■ PROBLEM DESCRIPTION ■
In this exercise, each record below is to be written out again exactly.

--- DATA ---

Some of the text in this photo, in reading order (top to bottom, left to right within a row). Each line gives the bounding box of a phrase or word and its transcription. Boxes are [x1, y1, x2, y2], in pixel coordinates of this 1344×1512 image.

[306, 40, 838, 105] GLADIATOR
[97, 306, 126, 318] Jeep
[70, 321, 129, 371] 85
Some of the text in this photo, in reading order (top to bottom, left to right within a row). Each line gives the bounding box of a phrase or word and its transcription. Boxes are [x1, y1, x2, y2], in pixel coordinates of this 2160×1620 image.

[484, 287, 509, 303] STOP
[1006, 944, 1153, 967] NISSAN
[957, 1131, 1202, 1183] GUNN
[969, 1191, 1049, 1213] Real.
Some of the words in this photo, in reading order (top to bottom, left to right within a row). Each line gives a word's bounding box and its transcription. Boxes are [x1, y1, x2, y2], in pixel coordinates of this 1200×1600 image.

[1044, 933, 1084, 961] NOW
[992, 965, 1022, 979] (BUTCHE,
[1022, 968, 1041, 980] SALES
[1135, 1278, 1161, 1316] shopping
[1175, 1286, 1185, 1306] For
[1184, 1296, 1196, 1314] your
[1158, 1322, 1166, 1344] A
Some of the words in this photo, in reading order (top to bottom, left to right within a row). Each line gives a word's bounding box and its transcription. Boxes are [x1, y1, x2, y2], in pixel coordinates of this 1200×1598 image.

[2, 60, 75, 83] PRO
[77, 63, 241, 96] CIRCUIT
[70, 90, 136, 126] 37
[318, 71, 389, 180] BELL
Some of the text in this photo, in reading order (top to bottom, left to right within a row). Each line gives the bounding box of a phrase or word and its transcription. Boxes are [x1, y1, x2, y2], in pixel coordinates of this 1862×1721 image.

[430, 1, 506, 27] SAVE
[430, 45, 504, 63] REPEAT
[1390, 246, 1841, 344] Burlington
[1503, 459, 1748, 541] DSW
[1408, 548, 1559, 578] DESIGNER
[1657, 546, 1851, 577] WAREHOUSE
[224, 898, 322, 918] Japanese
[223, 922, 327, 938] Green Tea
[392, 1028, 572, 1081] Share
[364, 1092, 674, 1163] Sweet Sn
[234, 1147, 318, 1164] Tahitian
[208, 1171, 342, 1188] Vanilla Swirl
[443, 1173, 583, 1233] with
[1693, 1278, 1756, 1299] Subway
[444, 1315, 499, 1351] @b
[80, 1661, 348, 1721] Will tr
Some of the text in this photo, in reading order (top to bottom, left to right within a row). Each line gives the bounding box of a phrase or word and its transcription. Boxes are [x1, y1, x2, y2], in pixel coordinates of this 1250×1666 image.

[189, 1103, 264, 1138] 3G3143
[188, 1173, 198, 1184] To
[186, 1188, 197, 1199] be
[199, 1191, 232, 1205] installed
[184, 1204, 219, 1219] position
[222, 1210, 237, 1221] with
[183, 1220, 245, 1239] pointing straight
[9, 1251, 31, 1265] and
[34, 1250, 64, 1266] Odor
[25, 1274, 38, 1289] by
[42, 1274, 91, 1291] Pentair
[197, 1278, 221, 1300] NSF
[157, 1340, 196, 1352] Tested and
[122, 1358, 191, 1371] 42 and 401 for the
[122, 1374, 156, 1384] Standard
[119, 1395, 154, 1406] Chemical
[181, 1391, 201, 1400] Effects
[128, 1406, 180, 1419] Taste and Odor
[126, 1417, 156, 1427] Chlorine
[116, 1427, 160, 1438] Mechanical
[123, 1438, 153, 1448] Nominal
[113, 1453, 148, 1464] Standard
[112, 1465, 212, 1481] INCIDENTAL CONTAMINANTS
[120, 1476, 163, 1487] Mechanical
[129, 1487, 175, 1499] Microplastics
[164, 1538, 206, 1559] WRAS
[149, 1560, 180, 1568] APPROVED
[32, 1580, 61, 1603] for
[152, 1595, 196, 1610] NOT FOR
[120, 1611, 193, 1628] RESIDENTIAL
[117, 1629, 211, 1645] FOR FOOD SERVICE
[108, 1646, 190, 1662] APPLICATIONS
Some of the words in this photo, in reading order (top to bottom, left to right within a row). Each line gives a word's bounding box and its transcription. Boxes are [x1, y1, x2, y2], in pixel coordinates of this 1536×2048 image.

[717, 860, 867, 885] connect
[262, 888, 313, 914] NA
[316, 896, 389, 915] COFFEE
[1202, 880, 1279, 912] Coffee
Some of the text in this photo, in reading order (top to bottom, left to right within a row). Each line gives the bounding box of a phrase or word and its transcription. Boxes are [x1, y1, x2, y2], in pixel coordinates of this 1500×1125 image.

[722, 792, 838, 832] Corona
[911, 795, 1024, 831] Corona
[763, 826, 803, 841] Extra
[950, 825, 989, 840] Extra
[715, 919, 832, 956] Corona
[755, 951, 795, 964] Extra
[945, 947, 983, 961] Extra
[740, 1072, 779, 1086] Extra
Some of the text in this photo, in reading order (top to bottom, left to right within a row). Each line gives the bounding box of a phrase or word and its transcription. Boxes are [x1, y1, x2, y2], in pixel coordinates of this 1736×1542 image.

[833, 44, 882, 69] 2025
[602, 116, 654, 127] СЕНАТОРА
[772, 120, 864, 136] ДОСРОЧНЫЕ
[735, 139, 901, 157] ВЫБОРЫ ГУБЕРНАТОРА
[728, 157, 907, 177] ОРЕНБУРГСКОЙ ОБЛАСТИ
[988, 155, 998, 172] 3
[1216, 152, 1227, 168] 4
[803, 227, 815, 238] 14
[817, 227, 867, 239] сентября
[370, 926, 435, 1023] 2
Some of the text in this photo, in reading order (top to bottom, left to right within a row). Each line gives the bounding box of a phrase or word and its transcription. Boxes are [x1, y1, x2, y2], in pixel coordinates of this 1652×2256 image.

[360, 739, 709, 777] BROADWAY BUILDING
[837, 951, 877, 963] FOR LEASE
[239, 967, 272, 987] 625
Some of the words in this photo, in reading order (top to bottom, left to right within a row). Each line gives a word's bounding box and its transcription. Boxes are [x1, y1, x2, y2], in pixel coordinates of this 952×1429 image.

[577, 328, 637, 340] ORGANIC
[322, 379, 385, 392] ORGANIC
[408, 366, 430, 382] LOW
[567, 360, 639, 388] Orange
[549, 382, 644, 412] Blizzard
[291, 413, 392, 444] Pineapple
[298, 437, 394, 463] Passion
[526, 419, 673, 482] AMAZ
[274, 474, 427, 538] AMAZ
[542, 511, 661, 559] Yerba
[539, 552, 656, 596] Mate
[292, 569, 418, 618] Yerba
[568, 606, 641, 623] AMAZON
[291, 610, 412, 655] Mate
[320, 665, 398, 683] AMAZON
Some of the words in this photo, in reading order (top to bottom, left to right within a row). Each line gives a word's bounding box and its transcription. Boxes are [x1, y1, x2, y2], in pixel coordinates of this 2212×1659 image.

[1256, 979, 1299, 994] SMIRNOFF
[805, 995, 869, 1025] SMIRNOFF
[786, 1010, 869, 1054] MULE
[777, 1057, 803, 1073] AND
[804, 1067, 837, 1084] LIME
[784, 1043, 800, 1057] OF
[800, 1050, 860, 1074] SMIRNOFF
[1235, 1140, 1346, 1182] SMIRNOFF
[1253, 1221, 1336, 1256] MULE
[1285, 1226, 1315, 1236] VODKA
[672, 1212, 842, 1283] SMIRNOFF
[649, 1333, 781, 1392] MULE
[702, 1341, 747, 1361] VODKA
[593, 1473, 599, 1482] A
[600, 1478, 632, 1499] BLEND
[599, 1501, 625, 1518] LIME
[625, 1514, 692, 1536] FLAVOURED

---

■ YOUR RESPONSE ■
Some of the text in this photo, in reading order (top to bottom, left to right within a row). Each line gives the bounding box of a phrase or word and its transcription. Boxes are [x1, y1, x2, y2], in pixel coordinates of this 1344×1512 image.

[306, 40, 838, 105] GLADIATOR
[97, 306, 126, 318] Jeep
[70, 321, 129, 371] 85
Some of the text in this photo, in reading order (top to bottom, left to right within a row). Each line gives the bounding box of a phrase or word and its transcription. Boxes are [x1, y1, x2, y2], in pixel coordinates of this 2160×1620 image.

[484, 287, 509, 303] STOP
[1006, 944, 1153, 967] NISSAN
[957, 1131, 1202, 1183] GUNN
[969, 1191, 1049, 1213] Real.
Some of the words in this photo, in reading order (top to bottom, left to right within a row). Each line gives a word's bounding box and its transcription. Boxes are [x1, y1, x2, y2], in pixel coordinates of this 1200×1600 image.

[1044, 933, 1084, 961] NOW
[992, 965, 1022, 979] (BUTCHE,
[1022, 968, 1041, 980] SALES
[1135, 1278, 1161, 1316] shopping
[1175, 1286, 1185, 1306] For
[1184, 1296, 1196, 1314] your
[1158, 1322, 1166, 1344] A
Some of the words in this photo, in reading order (top to bottom, left to right within a row). Each line gives a word's bounding box and its transcription. Boxes are [x1, y1, x2, y2], in pixel coordinates of this 1200×1598 image.

[2, 60, 75, 83] PRO
[77, 63, 241, 96] CIRCUIT
[70, 90, 136, 126] 37
[318, 71, 389, 180] BELL
Some of the text in this photo, in reading order (top to bottom, left to right within a row). Each line gives the bounding box of a phrase or word and its transcription. Boxes are [x1, y1, x2, y2], in pixel coordinates of this 1862×1721 image.

[430, 1, 506, 27] SAVE
[430, 45, 504, 63] REPEAT
[1390, 246, 1841, 344] Burlington
[1503, 459, 1748, 541] DSW
[1408, 548, 1559, 578] DESIGNER
[1657, 546, 1851, 577] WAREHOUSE
[224, 898, 322, 918] Japanese
[223, 922, 327, 938] Green Tea
[392, 1028, 572, 1081] Share
[364, 1092, 674, 1163] Sweet Sn
[234, 1147, 318, 1164] Tahitian
[208, 1171, 342, 1188] Vanilla Swirl
[443, 1173, 583, 1233] with
[1693, 1278, 1756, 1299] Subway
[444, 1315, 499, 1351] @b
[80, 1661, 348, 1721] Will tr
Some of the text in this photo, in reading order (top to bottom, left to right within a row). Each line gives the bounding box of a phrase or word and its transcription. Boxes are [x1, y1, x2, y2], in pixel coordinates of this 1250×1666 image.

[189, 1103, 264, 1138] 3G3143
[188, 1173, 198, 1184] To
[186, 1188, 197, 1199] be
[199, 1191, 232, 1205] installed
[184, 1204, 219, 1219] position
[222, 1210, 237, 1221] with
[183, 1220, 245, 1239] pointing straight
[9, 1251, 31, 1265] and
[34, 1250, 64, 1266] Odor
[25, 1274, 38, 1289] by
[42, 1274, 91, 1291] Pentair
[197, 1278, 221, 1300] NSF
[157, 1340, 196, 1352] Tested and
[122, 1358, 191, 1371] 42 and 401 for the
[122, 1374, 156, 1384] Standard
[119, 1395, 154, 1406] Chemical
[181, 1391, 201, 1400] Effects
[128, 1406, 180, 1419] Taste and Odor
[126, 1417, 156, 1427] Chlorine
[116, 1427, 160, 1438] Mechanical
[123, 1438, 153, 1448] Nominal
[113, 1453, 148, 1464] Standard
[112, 1465, 212, 1481] INCIDENTAL CONTAMINANTS
[120, 1476, 163, 1487] Mechanical
[129, 1487, 175, 1499] Microplastics
[164, 1538, 206, 1559] WRAS
[149, 1560, 180, 1568] APPROVED
[32, 1580, 61, 1603] for
[152, 1595, 196, 1610] NOT FOR
[120, 1611, 193, 1628] RESIDENTIAL
[117, 1629, 211, 1645] FOR FOOD SERVICE
[108, 1646, 190, 1662] APPLICATIONS
Some of the words in this photo, in reading order (top to bottom, left to right within a row). Each line gives a word's bounding box and its transcription. Boxes are [x1, y1, x2, y2], in pixel coordinates of this 1536×2048 image.

[717, 860, 867, 885] connect
[262, 888, 313, 914] NA
[316, 896, 389, 915] COFFEE
[1202, 880, 1279, 912] Coffee
Some of the text in this photo, in reading order (top to bottom, left to right within a row). Each line gives the bounding box of a phrase or word and its transcription. Boxes are [x1, y1, x2, y2], in pixel coordinates of this 1500×1125 image.

[722, 792, 838, 832] Corona
[911, 795, 1024, 831] Corona
[763, 826, 803, 841] Extra
[950, 825, 989, 840] Extra
[715, 919, 832, 956] Corona
[755, 951, 795, 964] Extra
[945, 947, 983, 961] Extra
[740, 1072, 779, 1086] Extra
Some of the text in this photo, in reading order (top to bottom, left to right within a row). Each line gives the bounding box of a phrase or word and its transcription. Boxes are [x1, y1, x2, y2], in pixel coordinates of this 1736×1542 image.

[833, 44, 882, 69] 2025
[602, 116, 654, 127] СЕНАТОРА
[772, 120, 864, 136] ДОСРОЧНЫЕ
[735, 139, 901, 157] ВЫБОРЫ ГУБЕРНАТОРА
[728, 157, 907, 177] ОРЕНБУРГСКОЙ ОБЛАСТИ
[988, 155, 998, 172] 3
[1216, 152, 1227, 168] 4
[803, 227, 815, 238] 14
[817, 227, 867, 239] сентября
[370, 926, 435, 1023] 2
Some of the text in this photo, in reading order (top to bottom, left to right within a row). Each line gives the bounding box of a phrase or word and its transcription. Boxes are [x1, y1, x2, y2], in pixel coordinates of this 1652×2256 image.

[360, 739, 709, 777] BROADWAY BUILDING
[837, 951, 877, 963] FOR LEASE
[239, 967, 272, 987] 625
Some of the words in this photo, in reading order (top to bottom, left to right within a row). Each line gives a word's bounding box and its transcription. Boxes are [x1, y1, x2, y2], in pixel coordinates of this 952×1429 image.

[577, 328, 637, 340] ORGANIC
[322, 379, 385, 392] ORGANIC
[408, 366, 430, 382] LOW
[567, 360, 639, 388] Orange
[549, 382, 644, 412] Blizzard
[291, 413, 392, 444] Pineapple
[298, 437, 394, 463] Passion
[526, 419, 673, 482] AMAZ
[274, 474, 427, 538] AMAZ
[542, 511, 661, 559] Yerba
[539, 552, 656, 596] Mate
[292, 569, 418, 618] Yerba
[568, 606, 641, 623] AMAZON
[291, 610, 412, 655] Mate
[320, 665, 398, 683] AMAZON
Some of the words in this photo, in reading order (top to bottom, left to right within a row). Each line gives a word's bounding box and its transcription. Boxes are [x1, y1, x2, y2], in pixel coordinates of this 2212×1659 image.

[1256, 979, 1299, 994] SMIRNOFF
[805, 995, 869, 1025] SMIRNOFF
[786, 1010, 869, 1054] MULE
[777, 1057, 803, 1073] AND
[804, 1067, 837, 1084] LIME
[784, 1043, 800, 1057] OF
[800, 1050, 860, 1074] SMIRNOFF
[1235, 1140, 1346, 1182] SMIRNOFF
[1253, 1221, 1336, 1256] MULE
[1285, 1226, 1315, 1236] VODKA
[672, 1212, 842, 1283] SMIRNOFF
[649, 1333, 781, 1392] MULE
[702, 1341, 747, 1361] VODKA
[593, 1473, 599, 1482] A
[600, 1478, 632, 1499] BLEND
[599, 1501, 625, 1518] LIME
[625, 1514, 692, 1536] FLAVOURED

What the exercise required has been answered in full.